▶ [TASK PROMPT] In the records below, find the line with "this 1280×1707 image." and repeat exactly every line from it through the line with "this 1296×1146 image.". Pictures stay out.

▶ [MATERIAL SHOWN]
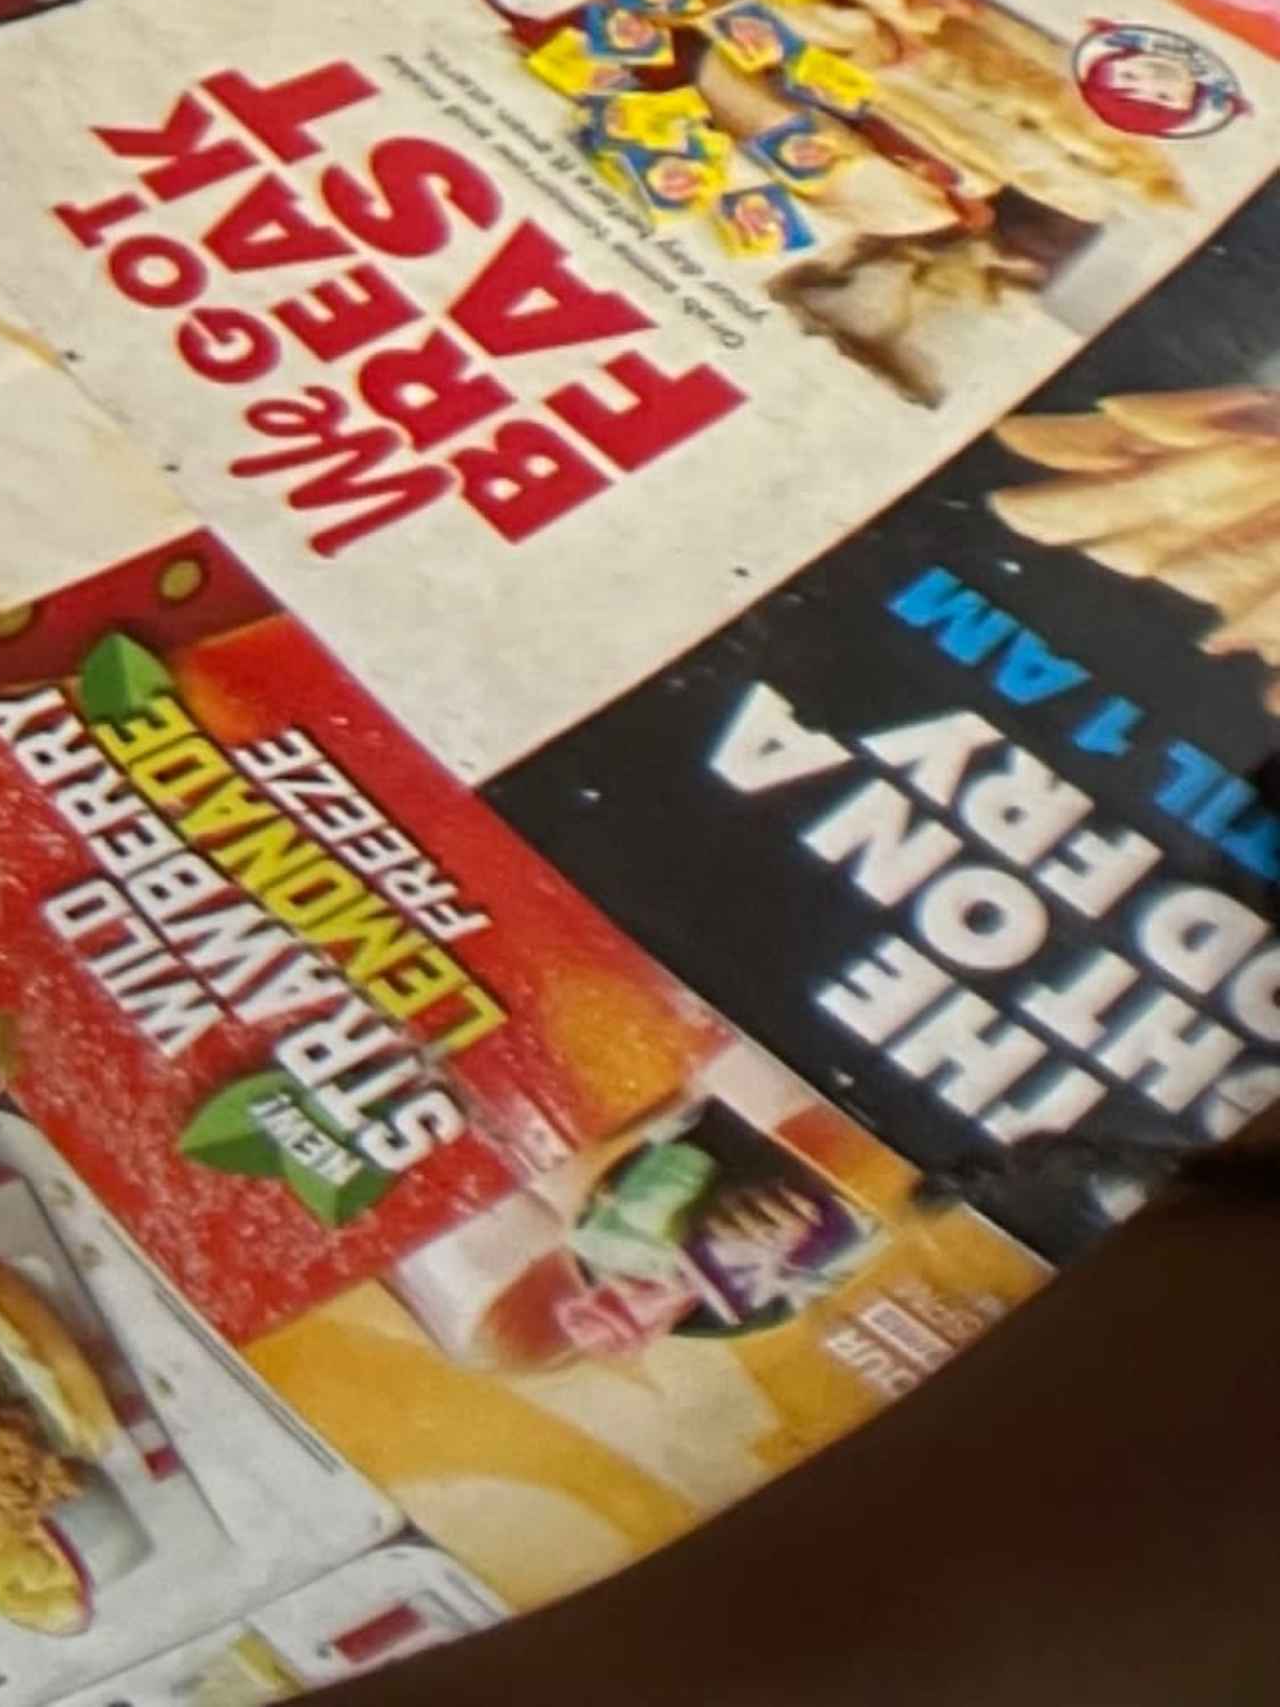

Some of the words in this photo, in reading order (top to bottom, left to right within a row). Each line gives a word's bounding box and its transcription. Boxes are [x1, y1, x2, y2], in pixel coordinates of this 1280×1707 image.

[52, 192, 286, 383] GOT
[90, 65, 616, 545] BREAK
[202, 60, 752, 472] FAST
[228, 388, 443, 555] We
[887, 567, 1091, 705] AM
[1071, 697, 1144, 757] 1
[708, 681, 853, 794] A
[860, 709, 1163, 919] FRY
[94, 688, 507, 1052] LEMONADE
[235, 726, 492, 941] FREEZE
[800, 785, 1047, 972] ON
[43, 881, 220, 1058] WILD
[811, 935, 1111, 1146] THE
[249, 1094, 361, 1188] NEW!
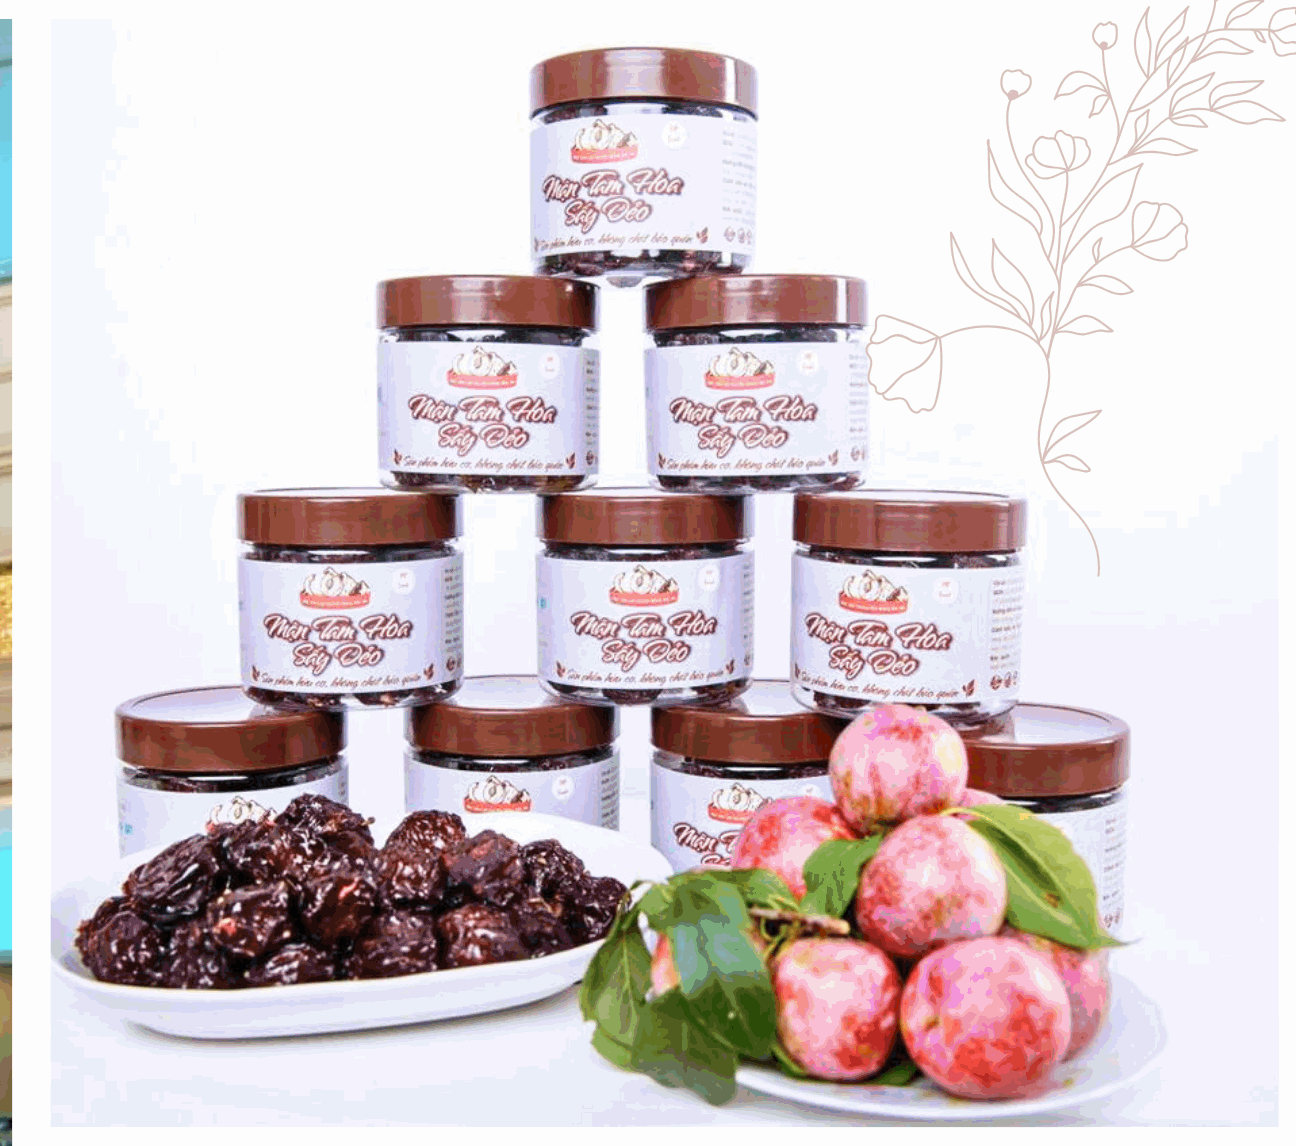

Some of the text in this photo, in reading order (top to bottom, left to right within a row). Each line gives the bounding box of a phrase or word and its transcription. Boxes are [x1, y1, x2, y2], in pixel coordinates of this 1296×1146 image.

--

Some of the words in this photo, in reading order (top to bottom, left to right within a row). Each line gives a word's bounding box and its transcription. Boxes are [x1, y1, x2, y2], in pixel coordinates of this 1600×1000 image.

--

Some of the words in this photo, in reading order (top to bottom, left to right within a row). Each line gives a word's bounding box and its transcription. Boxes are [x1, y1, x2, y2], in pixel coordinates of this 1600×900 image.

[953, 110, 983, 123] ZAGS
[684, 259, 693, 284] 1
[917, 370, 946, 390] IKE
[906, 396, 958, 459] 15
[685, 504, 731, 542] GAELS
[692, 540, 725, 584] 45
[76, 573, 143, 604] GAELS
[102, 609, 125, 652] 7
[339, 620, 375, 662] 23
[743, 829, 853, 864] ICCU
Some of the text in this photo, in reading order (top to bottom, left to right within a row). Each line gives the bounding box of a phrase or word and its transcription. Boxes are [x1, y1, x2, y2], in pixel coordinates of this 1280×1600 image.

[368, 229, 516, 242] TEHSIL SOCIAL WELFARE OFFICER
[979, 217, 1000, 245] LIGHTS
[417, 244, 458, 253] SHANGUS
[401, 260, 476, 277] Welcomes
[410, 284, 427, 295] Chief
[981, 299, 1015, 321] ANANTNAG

▶ [YOUR RESPONSE]
Some of the words in this photo, in reading order (top to bottom, left to right within a row). Each line gives a word's bounding box and its transcription. Boxes are [x1, y1, x2, y2], in pixel coordinates of this 1280×1707 image.

[52, 192, 286, 383] GOT
[90, 65, 616, 545] BREAK
[202, 60, 752, 472] FAST
[228, 388, 443, 555] We
[887, 567, 1091, 705] AM
[1071, 697, 1144, 757] 1
[708, 681, 853, 794] A
[860, 709, 1163, 919] FRY
[94, 688, 507, 1052] LEMONADE
[235, 726, 492, 941] FREEZE
[800, 785, 1047, 972] ON
[43, 881, 220, 1058] WILD
[811, 935, 1111, 1146] THE
[249, 1094, 361, 1188] NEW!

Some of the text in this photo, in reading order (top to bottom, left to right within a row). Each line gives the bounding box of a phrase or word and its transcription. Boxes are [x1, y1, x2, y2], in pixel coordinates of this 1296×1146 image.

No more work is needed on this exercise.